1. 1.0 to 2.0% by mass of Mn, 0.5 to 1.3% by mass of Si, 0.1 to 0.8% by mass of Fe, 0.20% by mass to 0.4% by mass or less of Cu 1.1% by mass or more and less than 2.0% by mass of Zn, the balance being an aluminum alloy fin material made of Al and inevitable impurities, and the matrix of the aluminum alloy fin material having a recrystallized structure, Aluminum alloy fin material for heat exchangers with excellent strength and corrosion resistance after brazing.
2. The aluminum alloy fin material for heat exchanger further comprises 0.05 to 0.3% by mass of Zr, 0.05 to 0.3% by mass of Cr, and 0.06 to 0.35% by mass of Ti.

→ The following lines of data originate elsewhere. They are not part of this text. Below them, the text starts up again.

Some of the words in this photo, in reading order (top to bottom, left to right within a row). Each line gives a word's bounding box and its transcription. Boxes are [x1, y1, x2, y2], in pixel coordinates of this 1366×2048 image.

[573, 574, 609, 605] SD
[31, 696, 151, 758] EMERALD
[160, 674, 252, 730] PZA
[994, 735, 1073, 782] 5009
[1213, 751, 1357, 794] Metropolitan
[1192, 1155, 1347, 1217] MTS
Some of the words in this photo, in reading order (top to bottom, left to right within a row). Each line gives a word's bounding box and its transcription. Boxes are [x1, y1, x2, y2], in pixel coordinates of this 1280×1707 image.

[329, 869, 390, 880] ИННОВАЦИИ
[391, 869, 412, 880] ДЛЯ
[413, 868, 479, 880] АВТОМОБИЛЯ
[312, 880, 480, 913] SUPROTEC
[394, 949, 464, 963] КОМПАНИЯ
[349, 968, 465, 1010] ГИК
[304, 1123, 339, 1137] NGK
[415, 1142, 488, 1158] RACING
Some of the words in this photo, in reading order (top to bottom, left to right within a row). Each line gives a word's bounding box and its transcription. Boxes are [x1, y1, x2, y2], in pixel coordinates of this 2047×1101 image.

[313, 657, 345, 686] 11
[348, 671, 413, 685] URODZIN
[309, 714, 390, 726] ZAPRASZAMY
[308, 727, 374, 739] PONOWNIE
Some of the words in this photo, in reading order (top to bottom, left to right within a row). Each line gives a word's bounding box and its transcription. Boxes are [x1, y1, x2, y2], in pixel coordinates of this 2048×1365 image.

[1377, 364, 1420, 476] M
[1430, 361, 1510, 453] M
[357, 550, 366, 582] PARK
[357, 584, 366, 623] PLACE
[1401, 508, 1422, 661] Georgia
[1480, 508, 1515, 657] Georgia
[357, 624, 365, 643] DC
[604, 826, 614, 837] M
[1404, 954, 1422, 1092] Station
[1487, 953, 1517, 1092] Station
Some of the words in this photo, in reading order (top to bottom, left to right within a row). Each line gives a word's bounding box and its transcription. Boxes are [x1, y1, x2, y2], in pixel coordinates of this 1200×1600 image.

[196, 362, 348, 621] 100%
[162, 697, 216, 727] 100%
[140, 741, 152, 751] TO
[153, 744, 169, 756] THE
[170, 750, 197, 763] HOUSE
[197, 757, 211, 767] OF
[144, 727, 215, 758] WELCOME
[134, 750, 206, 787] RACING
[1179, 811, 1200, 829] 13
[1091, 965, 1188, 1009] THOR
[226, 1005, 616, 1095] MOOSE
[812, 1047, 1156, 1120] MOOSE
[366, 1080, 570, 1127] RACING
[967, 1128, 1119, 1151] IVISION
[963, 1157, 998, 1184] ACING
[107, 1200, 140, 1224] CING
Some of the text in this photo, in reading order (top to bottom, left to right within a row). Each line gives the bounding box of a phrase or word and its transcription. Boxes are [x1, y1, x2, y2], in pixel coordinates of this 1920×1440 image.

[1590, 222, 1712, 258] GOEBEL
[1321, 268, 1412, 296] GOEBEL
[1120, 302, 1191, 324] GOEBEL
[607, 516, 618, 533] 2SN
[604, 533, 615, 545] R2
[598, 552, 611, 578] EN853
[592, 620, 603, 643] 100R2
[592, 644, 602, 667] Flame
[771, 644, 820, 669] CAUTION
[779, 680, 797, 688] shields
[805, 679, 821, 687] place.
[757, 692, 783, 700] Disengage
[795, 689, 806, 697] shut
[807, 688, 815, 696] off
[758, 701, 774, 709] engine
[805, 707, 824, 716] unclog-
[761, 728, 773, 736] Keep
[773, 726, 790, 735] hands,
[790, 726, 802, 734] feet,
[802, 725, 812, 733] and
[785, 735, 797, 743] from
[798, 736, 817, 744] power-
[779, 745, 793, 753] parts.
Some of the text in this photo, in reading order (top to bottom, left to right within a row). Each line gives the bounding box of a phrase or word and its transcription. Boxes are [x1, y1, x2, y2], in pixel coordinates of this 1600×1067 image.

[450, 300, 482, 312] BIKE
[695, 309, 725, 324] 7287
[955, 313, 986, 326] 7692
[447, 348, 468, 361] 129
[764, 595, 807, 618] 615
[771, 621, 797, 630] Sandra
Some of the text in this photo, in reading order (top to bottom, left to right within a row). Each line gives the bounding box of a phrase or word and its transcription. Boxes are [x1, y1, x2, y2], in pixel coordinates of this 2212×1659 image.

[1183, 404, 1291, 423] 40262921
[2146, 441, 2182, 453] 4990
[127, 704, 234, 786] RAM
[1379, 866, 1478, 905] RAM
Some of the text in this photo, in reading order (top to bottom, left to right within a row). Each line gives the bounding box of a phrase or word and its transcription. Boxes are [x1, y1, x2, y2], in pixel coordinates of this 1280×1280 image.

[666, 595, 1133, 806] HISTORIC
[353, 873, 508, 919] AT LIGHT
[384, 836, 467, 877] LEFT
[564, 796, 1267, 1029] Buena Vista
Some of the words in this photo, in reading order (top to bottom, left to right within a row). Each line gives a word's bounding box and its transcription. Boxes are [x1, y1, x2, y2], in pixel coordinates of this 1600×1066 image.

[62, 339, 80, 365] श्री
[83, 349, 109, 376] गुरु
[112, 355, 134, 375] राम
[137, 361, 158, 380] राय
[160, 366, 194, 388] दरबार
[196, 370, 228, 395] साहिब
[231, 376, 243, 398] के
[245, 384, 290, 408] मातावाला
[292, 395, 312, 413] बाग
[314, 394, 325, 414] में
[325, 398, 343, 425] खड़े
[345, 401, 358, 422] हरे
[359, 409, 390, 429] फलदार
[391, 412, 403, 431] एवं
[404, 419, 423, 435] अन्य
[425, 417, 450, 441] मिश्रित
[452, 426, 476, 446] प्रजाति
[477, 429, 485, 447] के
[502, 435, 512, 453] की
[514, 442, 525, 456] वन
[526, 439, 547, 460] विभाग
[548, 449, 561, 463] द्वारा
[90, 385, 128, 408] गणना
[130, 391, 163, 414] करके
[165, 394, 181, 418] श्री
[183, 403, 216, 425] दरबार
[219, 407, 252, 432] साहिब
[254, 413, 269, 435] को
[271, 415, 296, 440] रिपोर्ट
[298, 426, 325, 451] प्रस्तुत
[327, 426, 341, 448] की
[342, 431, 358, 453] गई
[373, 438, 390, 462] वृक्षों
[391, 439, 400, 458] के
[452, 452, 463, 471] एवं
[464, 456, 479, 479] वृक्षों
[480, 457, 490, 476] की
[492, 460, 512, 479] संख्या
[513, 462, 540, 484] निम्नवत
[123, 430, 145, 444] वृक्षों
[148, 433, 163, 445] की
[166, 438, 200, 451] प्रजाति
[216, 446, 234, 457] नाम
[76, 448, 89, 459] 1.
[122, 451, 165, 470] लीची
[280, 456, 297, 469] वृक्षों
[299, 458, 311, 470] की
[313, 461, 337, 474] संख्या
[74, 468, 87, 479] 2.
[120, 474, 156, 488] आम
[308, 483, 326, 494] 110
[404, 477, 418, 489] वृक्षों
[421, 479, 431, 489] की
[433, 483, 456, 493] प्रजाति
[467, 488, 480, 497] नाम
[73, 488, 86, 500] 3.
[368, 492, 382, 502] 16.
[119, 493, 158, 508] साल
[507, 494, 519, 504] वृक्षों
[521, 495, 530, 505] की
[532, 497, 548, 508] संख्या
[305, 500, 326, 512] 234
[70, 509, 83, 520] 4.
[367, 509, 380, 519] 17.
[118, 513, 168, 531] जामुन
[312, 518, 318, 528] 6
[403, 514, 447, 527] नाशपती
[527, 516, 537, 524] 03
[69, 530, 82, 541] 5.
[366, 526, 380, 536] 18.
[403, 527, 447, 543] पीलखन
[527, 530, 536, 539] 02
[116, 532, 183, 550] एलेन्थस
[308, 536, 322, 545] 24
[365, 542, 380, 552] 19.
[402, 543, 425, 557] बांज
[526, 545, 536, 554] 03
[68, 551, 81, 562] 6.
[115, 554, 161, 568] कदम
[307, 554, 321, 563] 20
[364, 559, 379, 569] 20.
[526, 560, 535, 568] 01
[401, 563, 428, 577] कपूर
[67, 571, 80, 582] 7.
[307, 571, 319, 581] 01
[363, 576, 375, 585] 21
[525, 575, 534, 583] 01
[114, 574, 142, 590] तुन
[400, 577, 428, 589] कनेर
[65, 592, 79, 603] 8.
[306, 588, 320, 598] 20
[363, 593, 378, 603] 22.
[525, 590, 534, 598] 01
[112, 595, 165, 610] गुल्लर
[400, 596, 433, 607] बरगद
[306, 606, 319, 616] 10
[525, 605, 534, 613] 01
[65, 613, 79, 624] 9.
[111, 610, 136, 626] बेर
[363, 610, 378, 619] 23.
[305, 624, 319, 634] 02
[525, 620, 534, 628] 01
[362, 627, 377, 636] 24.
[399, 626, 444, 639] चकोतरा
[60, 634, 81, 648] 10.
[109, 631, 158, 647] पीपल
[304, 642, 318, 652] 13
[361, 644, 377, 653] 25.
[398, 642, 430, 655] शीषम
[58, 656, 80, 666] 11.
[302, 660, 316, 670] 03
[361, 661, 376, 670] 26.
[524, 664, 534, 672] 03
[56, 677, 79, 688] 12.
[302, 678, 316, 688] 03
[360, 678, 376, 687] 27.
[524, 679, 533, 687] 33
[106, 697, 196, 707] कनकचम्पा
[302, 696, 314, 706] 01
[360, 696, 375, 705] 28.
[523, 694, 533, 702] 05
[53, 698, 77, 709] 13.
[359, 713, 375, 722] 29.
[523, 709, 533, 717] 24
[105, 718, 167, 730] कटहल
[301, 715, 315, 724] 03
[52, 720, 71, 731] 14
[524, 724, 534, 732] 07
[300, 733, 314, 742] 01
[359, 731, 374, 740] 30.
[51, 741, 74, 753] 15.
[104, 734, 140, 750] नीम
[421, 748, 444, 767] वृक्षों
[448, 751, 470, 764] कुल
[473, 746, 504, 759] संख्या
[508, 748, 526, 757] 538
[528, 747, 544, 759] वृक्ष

The aluminum alloy fin material for heat exchangers having excellent strength and corrosion resistance after brazing according to claim 1, wherein the fin alloy contains one or more kinds.
3. 3. The strength and corrosion resistance after brazing according to claim 1, wherein the aluminum alloy fin material for heat exchanger further contains 0.05 to 0.2% by mass of Mg. Excellent aluminum alloy fin material for heat exchanger.